■ What is required:
Exclude images; transcribe the rest of the data exactly.
##### Provided information #####
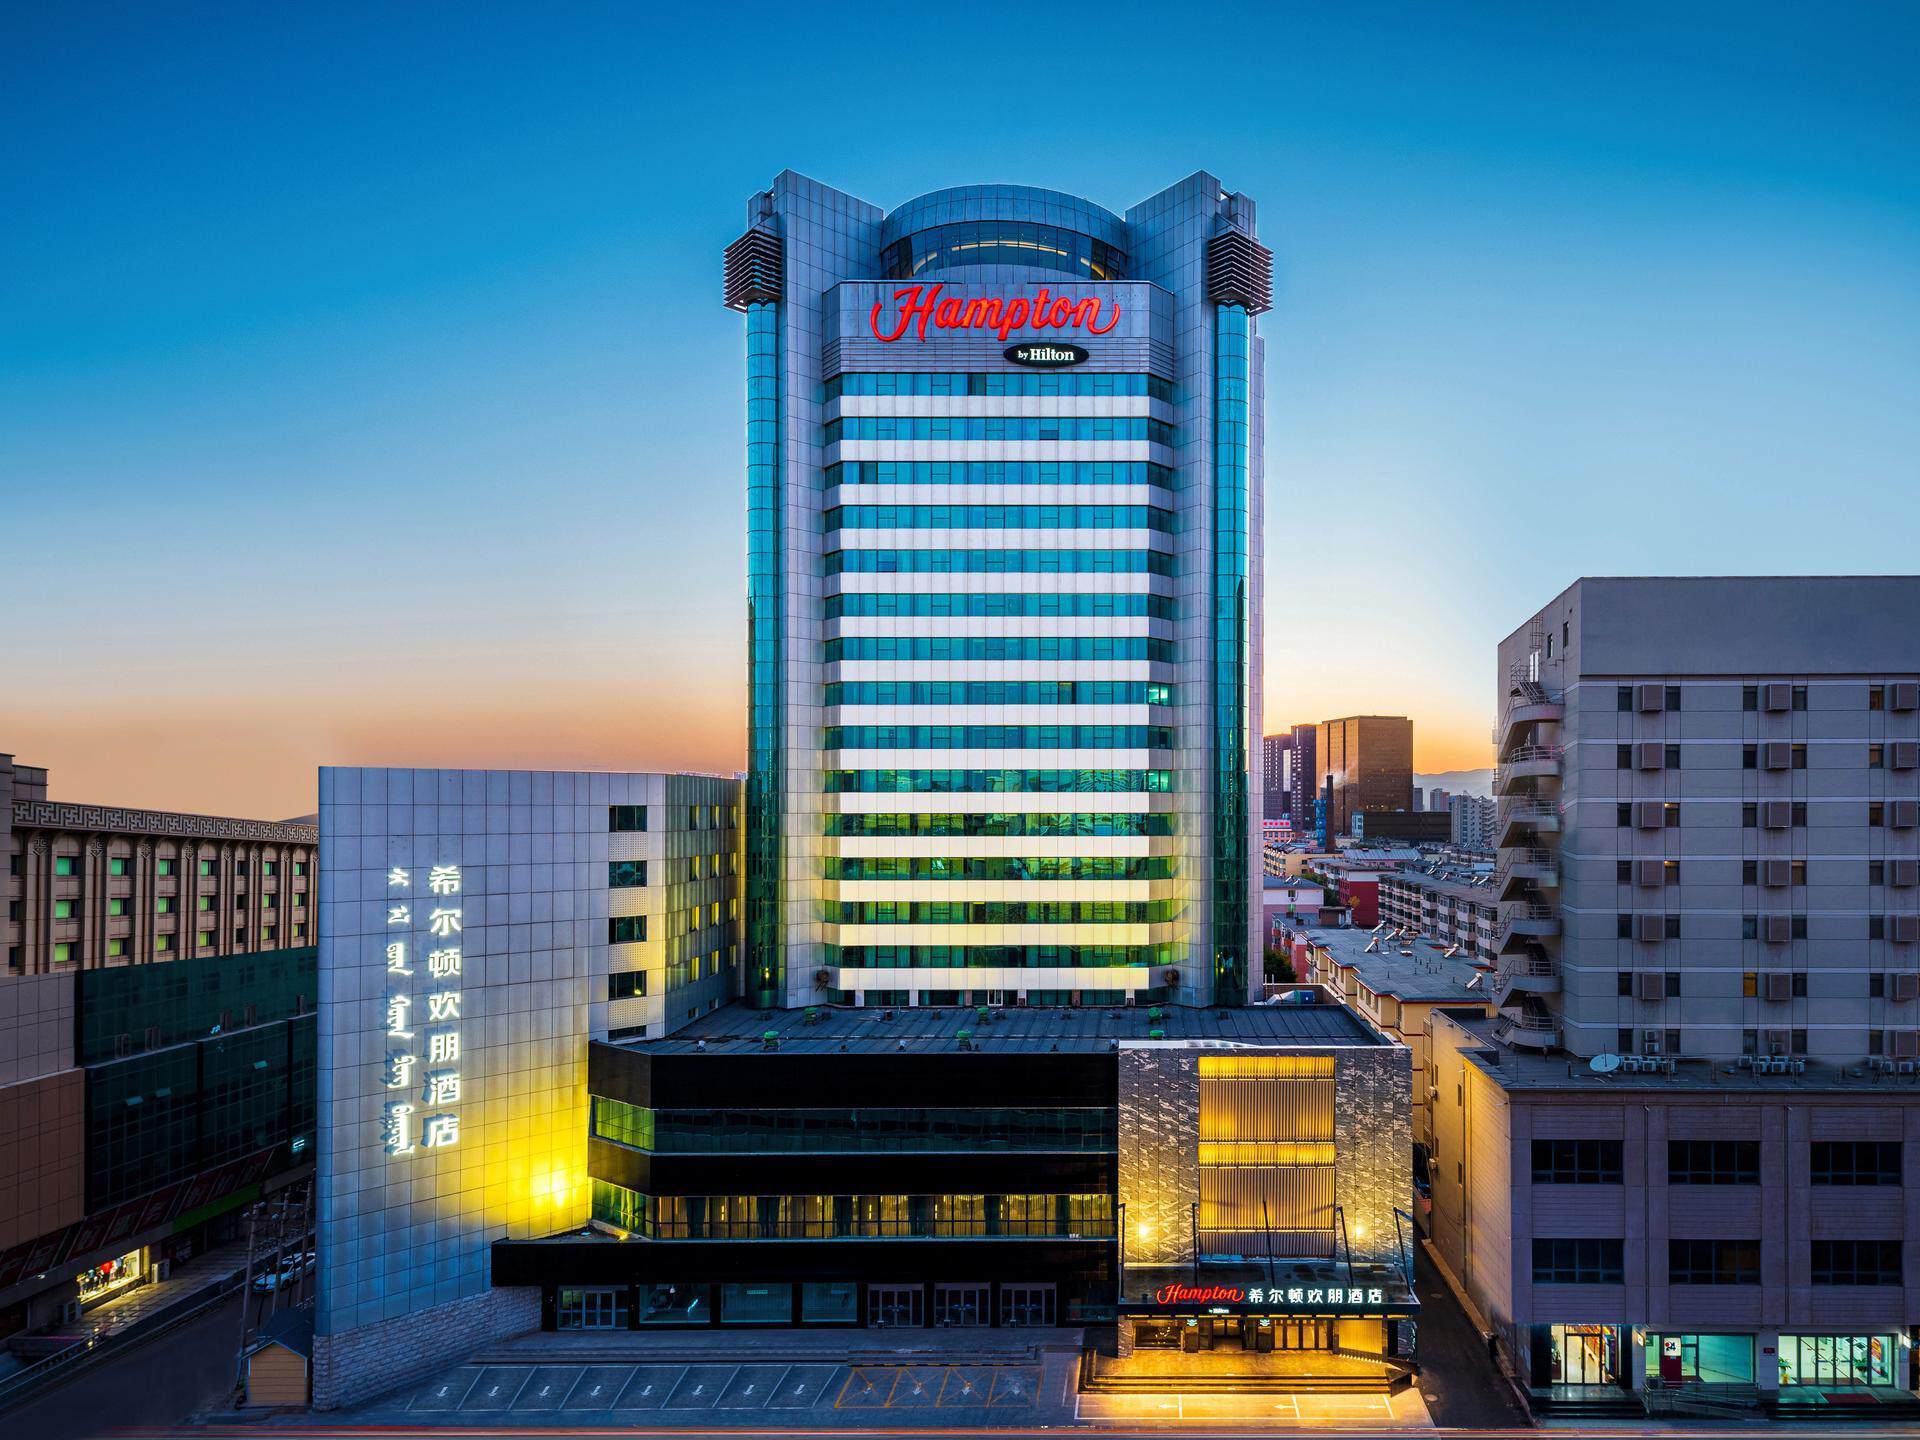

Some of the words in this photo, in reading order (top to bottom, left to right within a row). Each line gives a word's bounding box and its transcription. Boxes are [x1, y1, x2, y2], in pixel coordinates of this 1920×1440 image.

[870, 283, 1121, 342] Hampton
[1017, 350, 1029, 360] by
[1029, 347, 1075, 361] Hilton
[428, 865, 462, 1149] 希尔顿欢朋酒店
[1156, 1283, 1245, 1304] Hampton
[1248, 1288, 1383, 1304] 希尔顿欢朋酒店
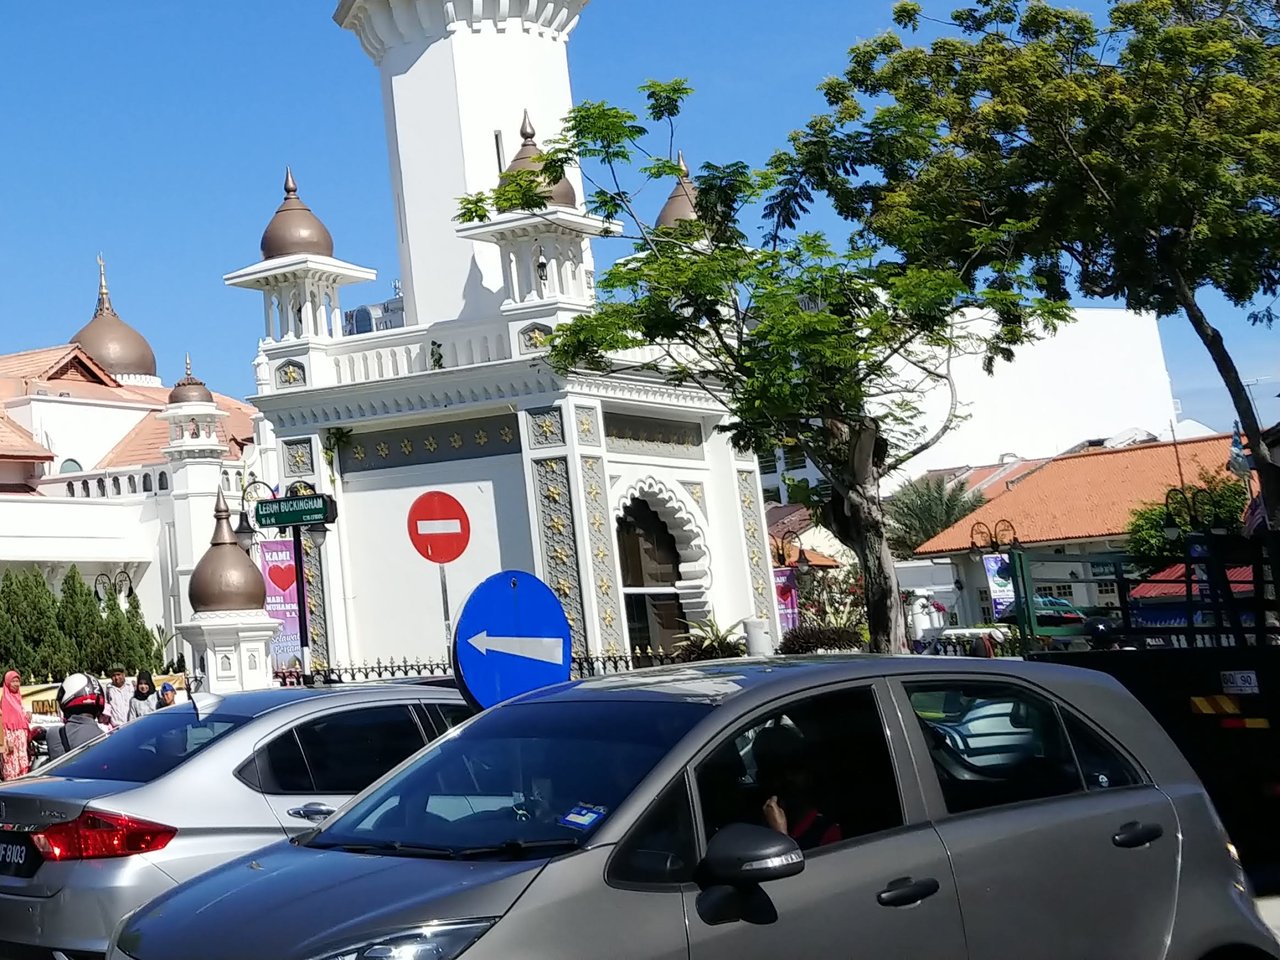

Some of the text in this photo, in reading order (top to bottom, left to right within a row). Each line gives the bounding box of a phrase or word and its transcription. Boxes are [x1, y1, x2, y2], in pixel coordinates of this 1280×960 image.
#####
■ Written reply:
Some of the words in this photo, in reading order (top to bottom, left to right within a row). Each line gives a word's bounding box and its transcription. Boxes are [x1, y1, x2, y2], in pixel coordinates of this 1920×1440 image.

[870, 283, 1121, 342] Hampton
[1017, 350, 1029, 360] by
[1029, 347, 1075, 361] Hilton
[428, 865, 462, 1149] 希尔顿欢朋酒店
[1156, 1283, 1245, 1304] Hampton
[1248, 1288, 1383, 1304] 希尔顿欢朋酒店

Some of the text in this photo, in reading order (top to bottom, left to right within a row). Each line gives the bounding box of a phrase or word and its transcription. Boxes are [x1, y1, x2, y2], in pixel coordinates of this 1280×960 image.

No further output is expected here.